◆ WORK TO BE COMPLETED: Retype each record below word for word. Leave the pictures out.

[Extracted records]
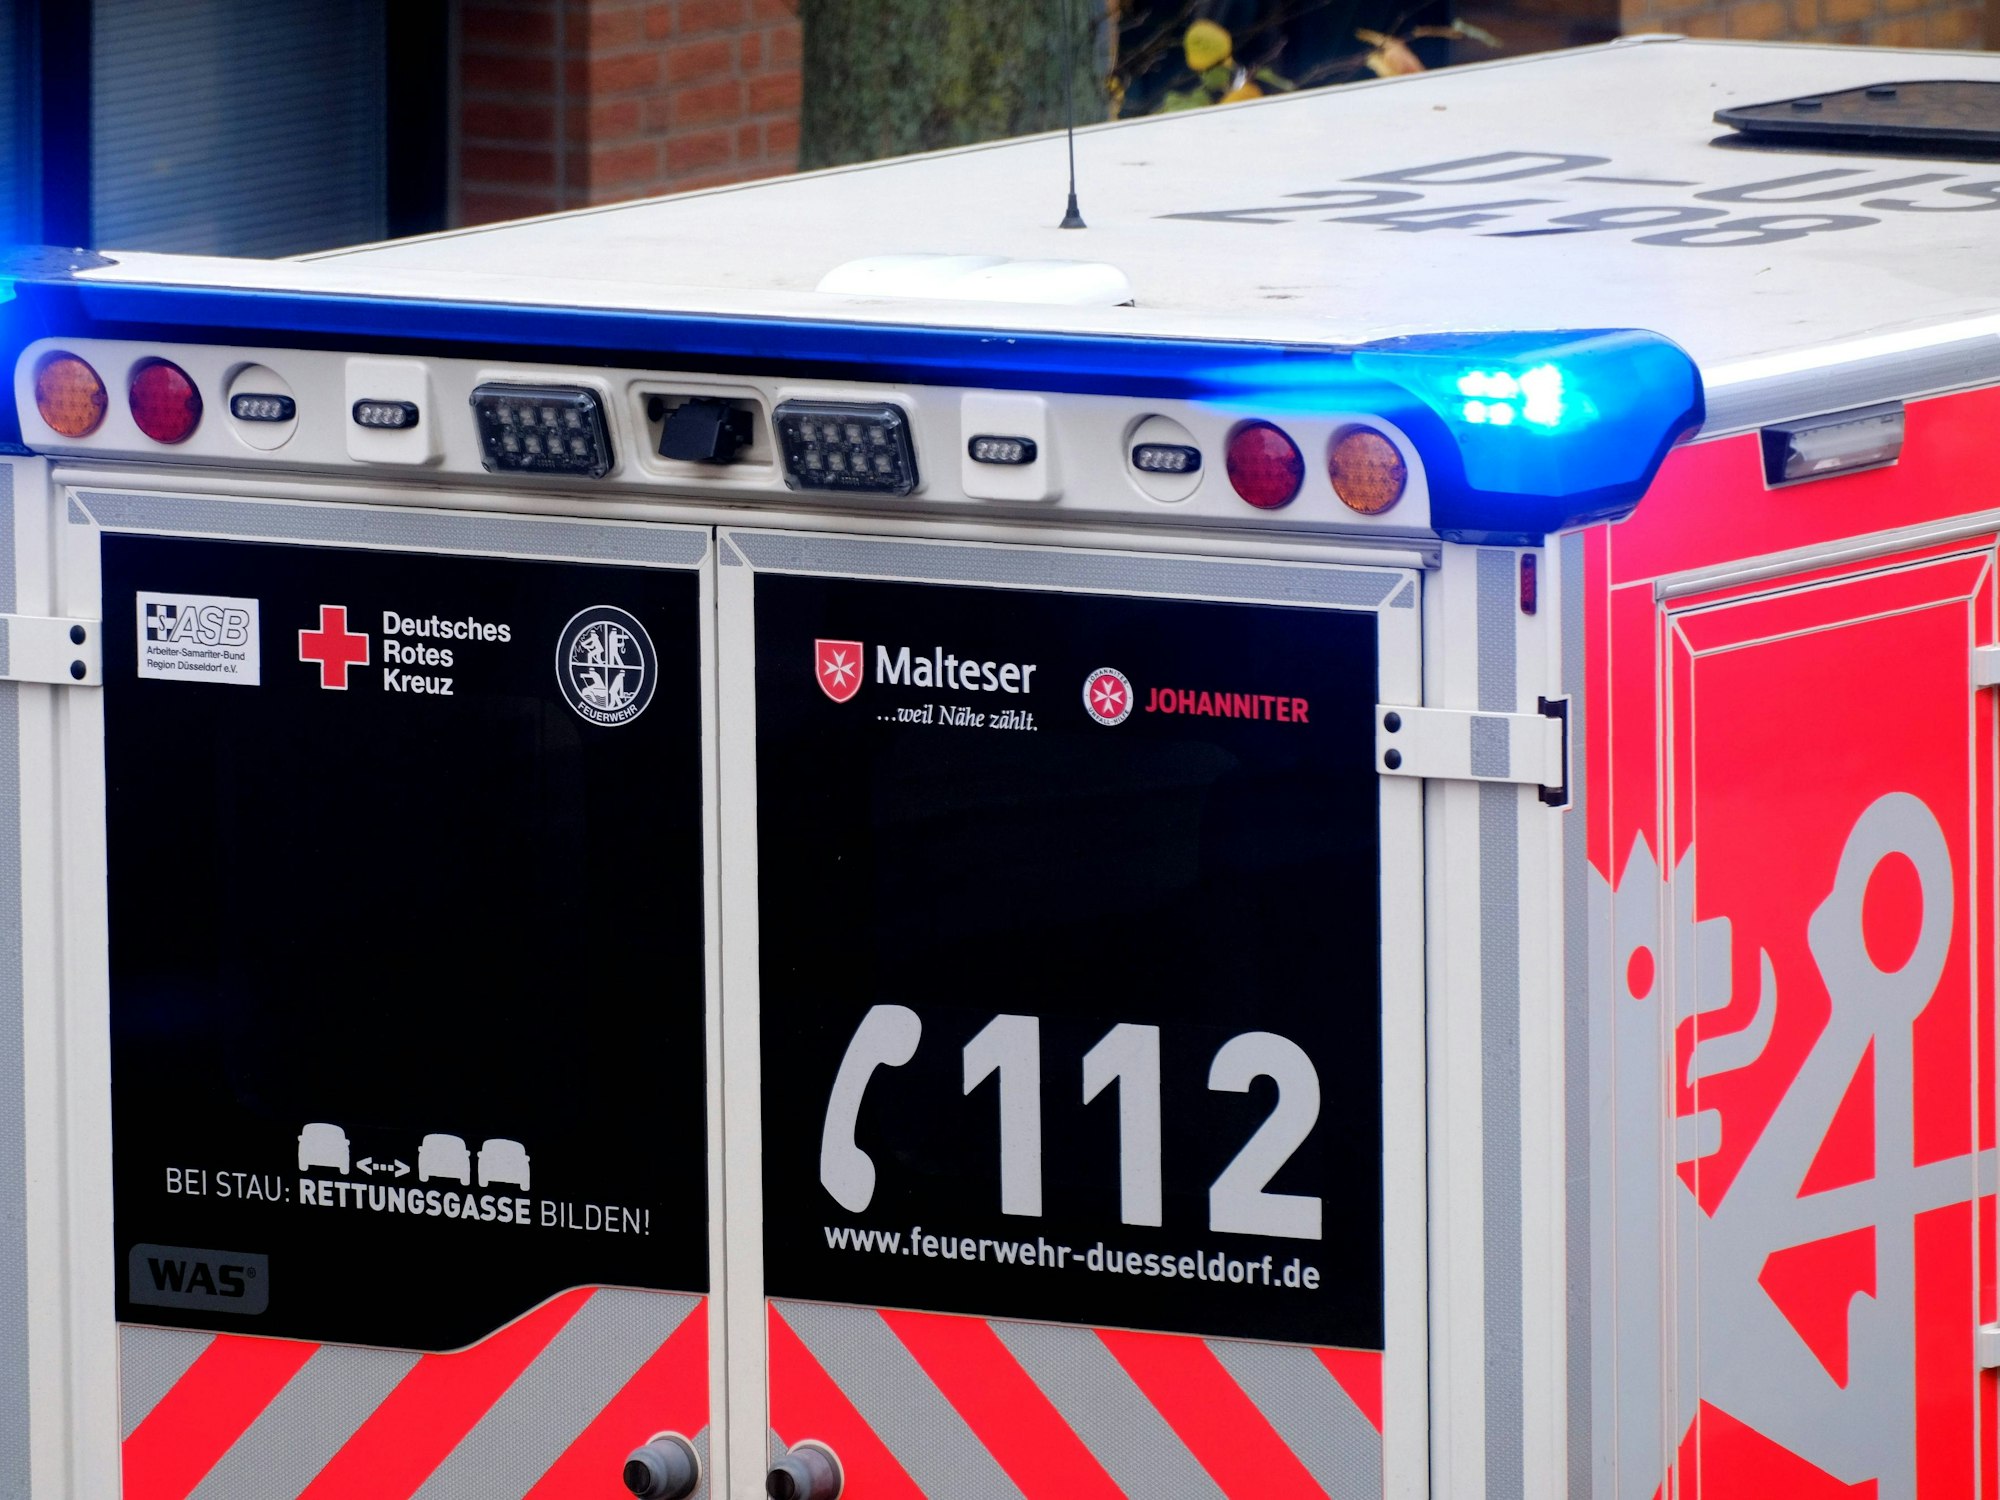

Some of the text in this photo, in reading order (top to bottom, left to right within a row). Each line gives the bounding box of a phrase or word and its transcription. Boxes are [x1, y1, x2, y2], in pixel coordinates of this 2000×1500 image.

[1150, 190, 1882, 247] 2498
[169, 605, 250, 646] ASB
[382, 610, 512, 643] Deutsches
[146, 646, 246, 661] Arbeiter-Samariter-Bund
[146, 658, 238, 674] Region Düsseldorf e.V.
[383, 639, 454, 668] Rotes
[876, 644, 1037, 694] Malteser
[383, 667, 454, 696] Kreuz
[577, 701, 639, 723] FEUERWEHR
[938, 704, 986, 728] Nähe
[988, 708, 1038, 732] zählt.
[1145, 687, 1310, 724] JOHANNITER
[962, 1013, 1323, 1241] 112
[166, 1167, 650, 1235] BEI STAU: RETTUNGSGASSE BILDEN!
[823, 1226, 1320, 1290] www.feuerwehr-duesseldorf.de
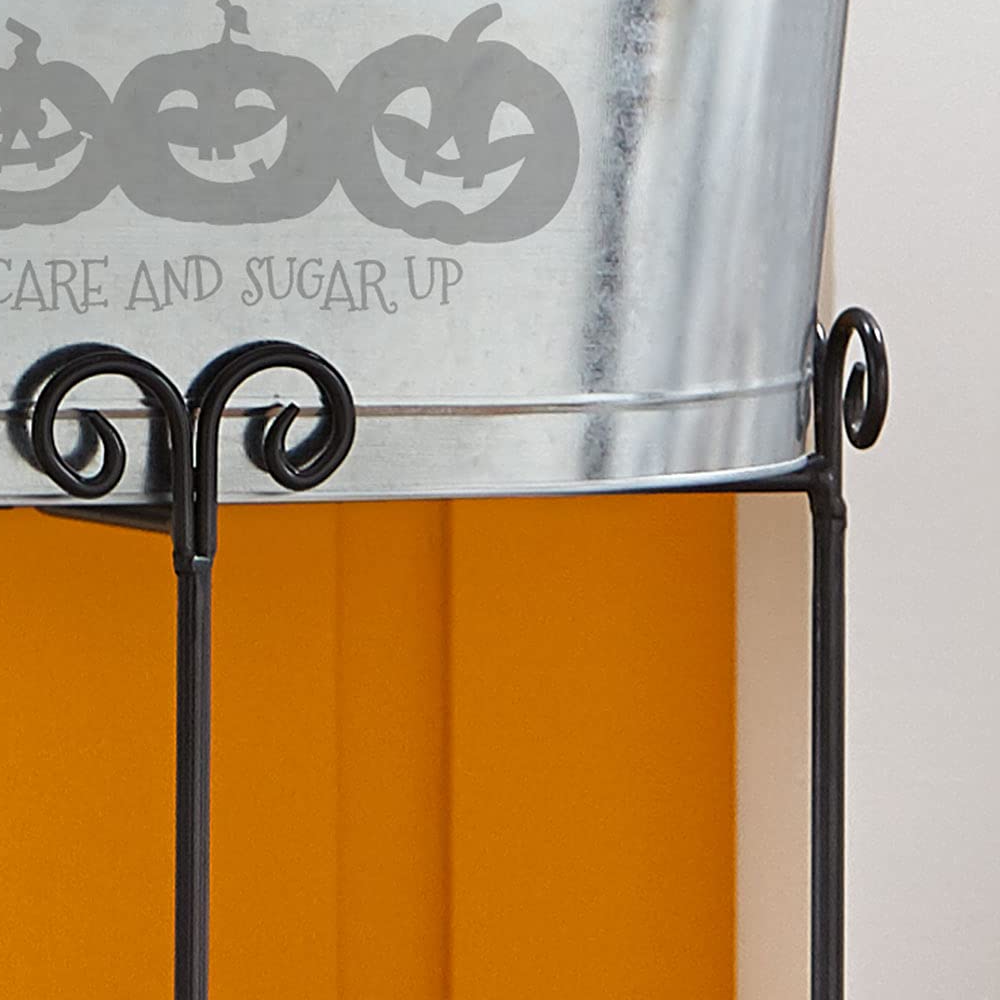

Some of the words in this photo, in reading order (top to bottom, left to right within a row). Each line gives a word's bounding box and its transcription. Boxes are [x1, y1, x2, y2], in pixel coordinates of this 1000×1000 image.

[124, 254, 223, 312] AND
[240, 255, 399, 315] SUGAR
[403, 255, 464, 305] UP

◆ SOLUTION TO THIS TASK:
Some of the text in this photo, in reading order (top to bottom, left to right within a row). Each line gives the bounding box of a phrase or word and its transcription. Boxes are [x1, y1, x2, y2], in pixel coordinates of this 2000×1500 image.

[1150, 190, 1882, 247] 2498
[169, 605, 250, 646] ASB
[382, 610, 512, 643] Deutsches
[146, 646, 246, 661] Arbeiter-Samariter-Bund
[146, 658, 238, 674] Region Düsseldorf e.V.
[383, 639, 454, 668] Rotes
[876, 644, 1037, 694] Malteser
[383, 667, 454, 696] Kreuz
[577, 701, 639, 723] FEUERWEHR
[938, 704, 986, 728] Nähe
[988, 708, 1038, 732] zählt.
[1145, 687, 1310, 724] JOHANNITER
[962, 1013, 1323, 1241] 112
[166, 1167, 650, 1235] BEI STAU: RETTUNGSGASSE BILDEN!
[823, 1226, 1320, 1290] www.feuerwehr-duesseldorf.de

Some of the words in this photo, in reading order (top to bottom, left to right within a row). Each line gives a word's bounding box and its transcription. Boxes are [x1, y1, x2, y2], in pixel coordinates of this 1000×1000 image.

[124, 254, 223, 312] AND
[240, 255, 399, 315] SUGAR
[403, 255, 464, 305] UP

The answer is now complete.